* [YOUR INSTRUCTIONS] Count up every line of the data in which "MEHMET" occurs. The reply is one number and nothing more.

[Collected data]
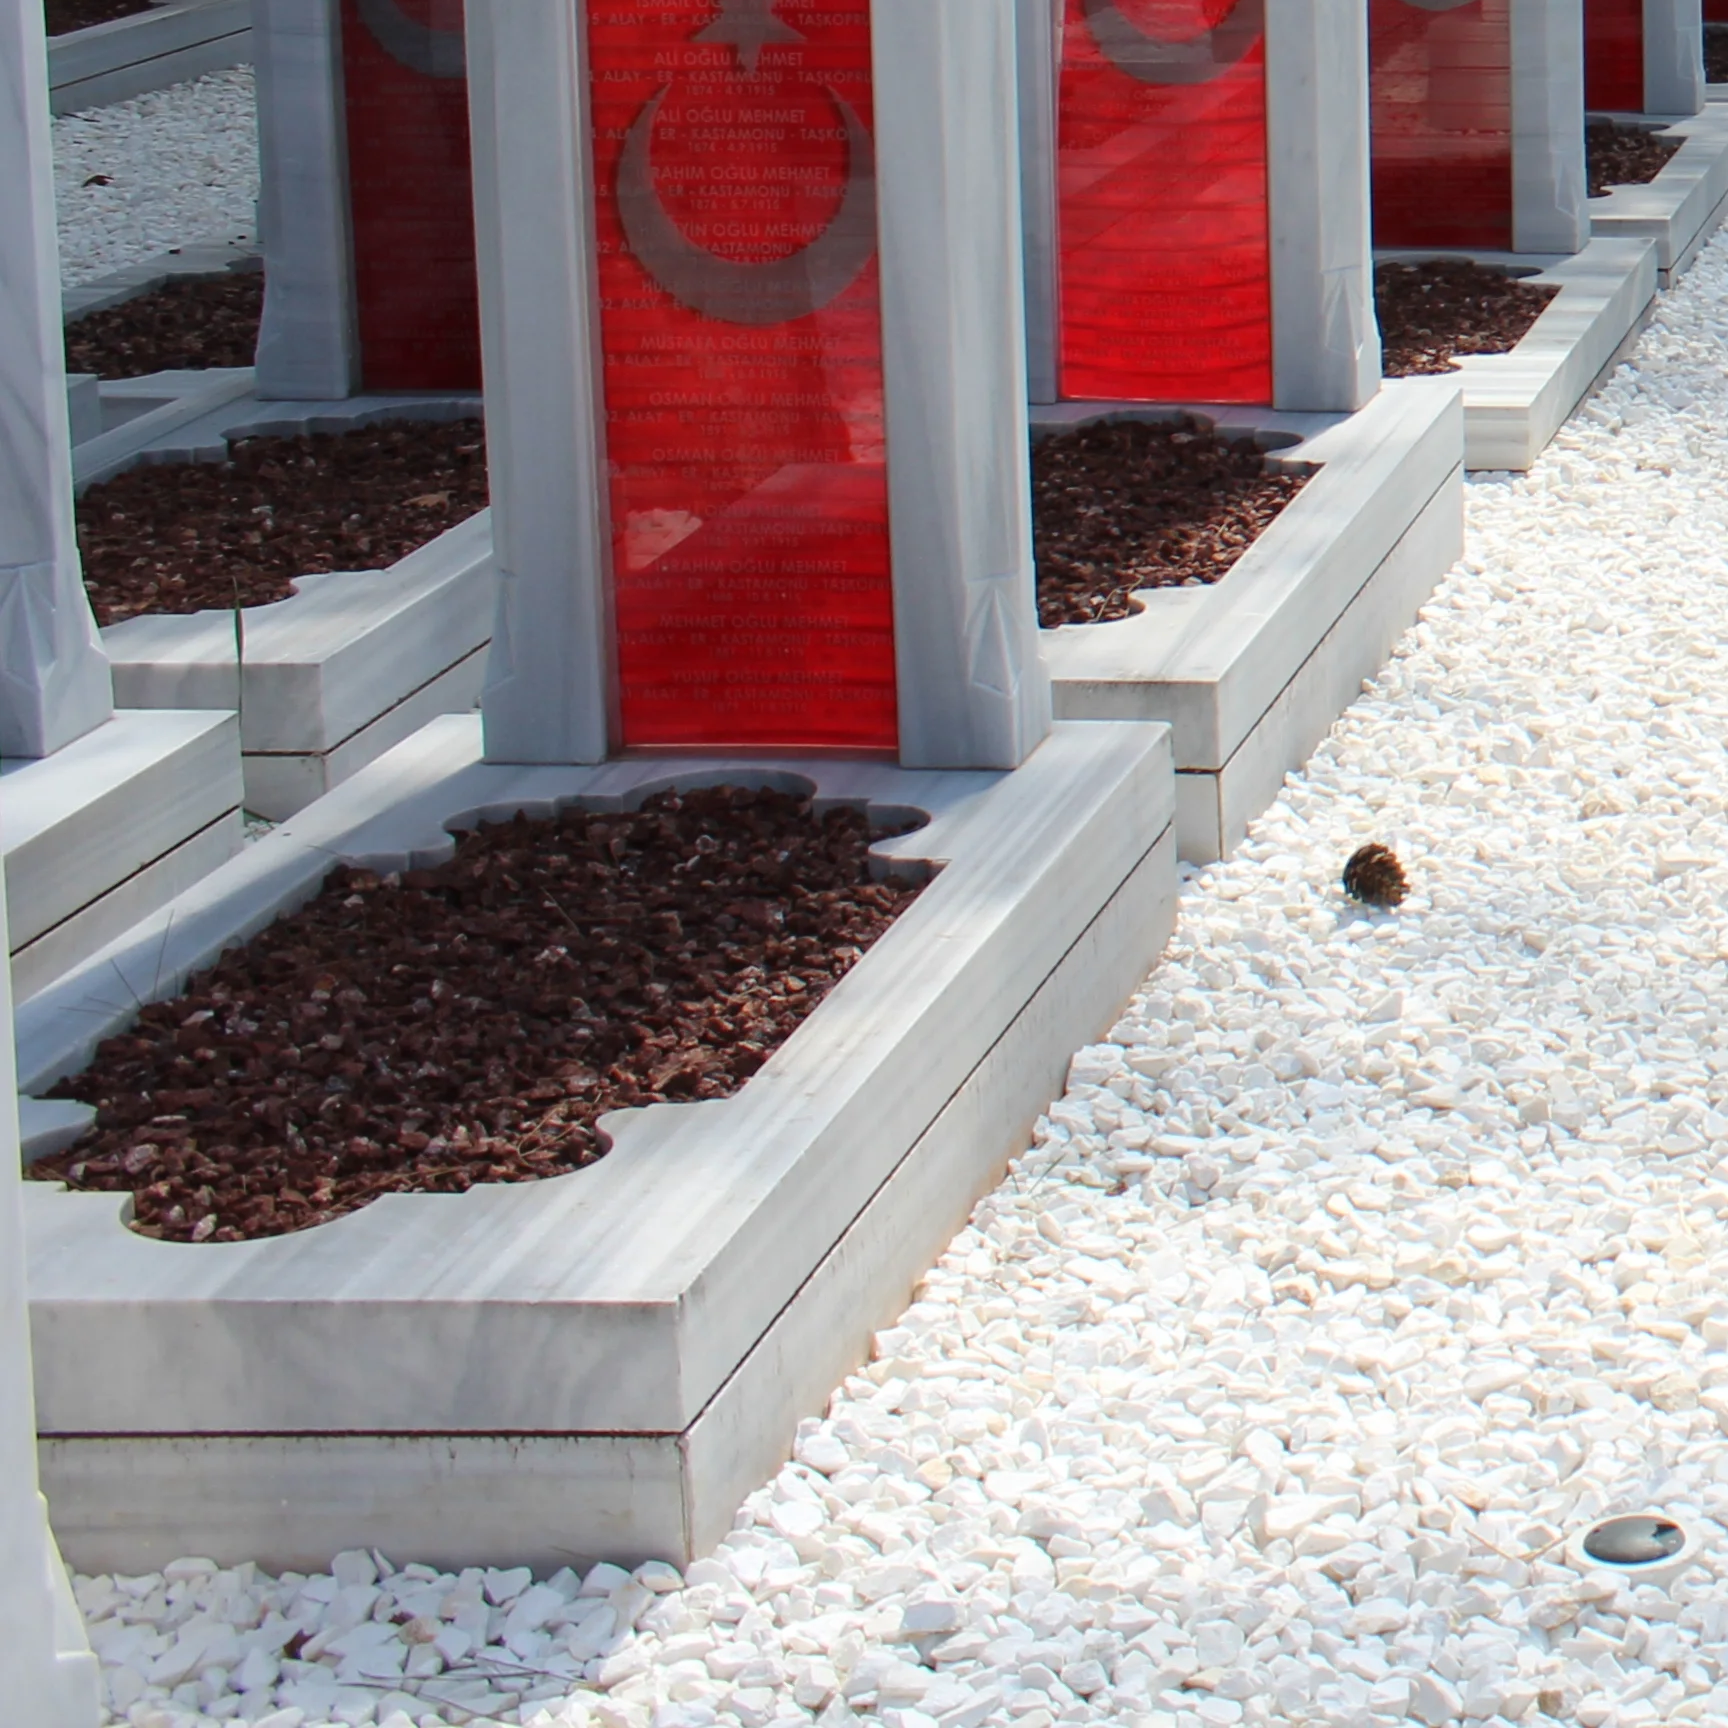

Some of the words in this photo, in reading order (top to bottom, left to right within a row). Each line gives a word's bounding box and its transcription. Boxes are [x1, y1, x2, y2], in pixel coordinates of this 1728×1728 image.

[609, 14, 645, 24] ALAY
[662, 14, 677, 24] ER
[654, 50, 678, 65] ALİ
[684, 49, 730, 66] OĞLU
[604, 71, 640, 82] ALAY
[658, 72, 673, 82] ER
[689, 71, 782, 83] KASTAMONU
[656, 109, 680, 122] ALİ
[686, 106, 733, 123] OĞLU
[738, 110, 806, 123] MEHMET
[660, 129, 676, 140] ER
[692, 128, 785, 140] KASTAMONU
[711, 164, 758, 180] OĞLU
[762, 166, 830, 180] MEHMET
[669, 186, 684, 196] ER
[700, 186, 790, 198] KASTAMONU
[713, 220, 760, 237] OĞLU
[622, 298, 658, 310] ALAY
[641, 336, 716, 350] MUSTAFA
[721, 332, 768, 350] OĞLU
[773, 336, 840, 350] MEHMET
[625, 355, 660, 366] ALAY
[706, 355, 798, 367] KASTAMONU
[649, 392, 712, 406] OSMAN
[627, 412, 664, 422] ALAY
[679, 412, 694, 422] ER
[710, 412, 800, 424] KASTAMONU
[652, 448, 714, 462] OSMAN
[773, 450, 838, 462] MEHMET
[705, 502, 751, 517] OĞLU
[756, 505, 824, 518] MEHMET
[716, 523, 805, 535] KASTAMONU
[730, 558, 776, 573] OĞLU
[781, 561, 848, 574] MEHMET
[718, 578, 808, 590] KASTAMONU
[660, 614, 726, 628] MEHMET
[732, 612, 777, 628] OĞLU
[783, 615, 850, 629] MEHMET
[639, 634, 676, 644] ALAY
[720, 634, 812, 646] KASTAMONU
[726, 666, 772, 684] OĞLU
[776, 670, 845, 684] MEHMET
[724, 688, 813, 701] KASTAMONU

* [ANSWER BELOW] 9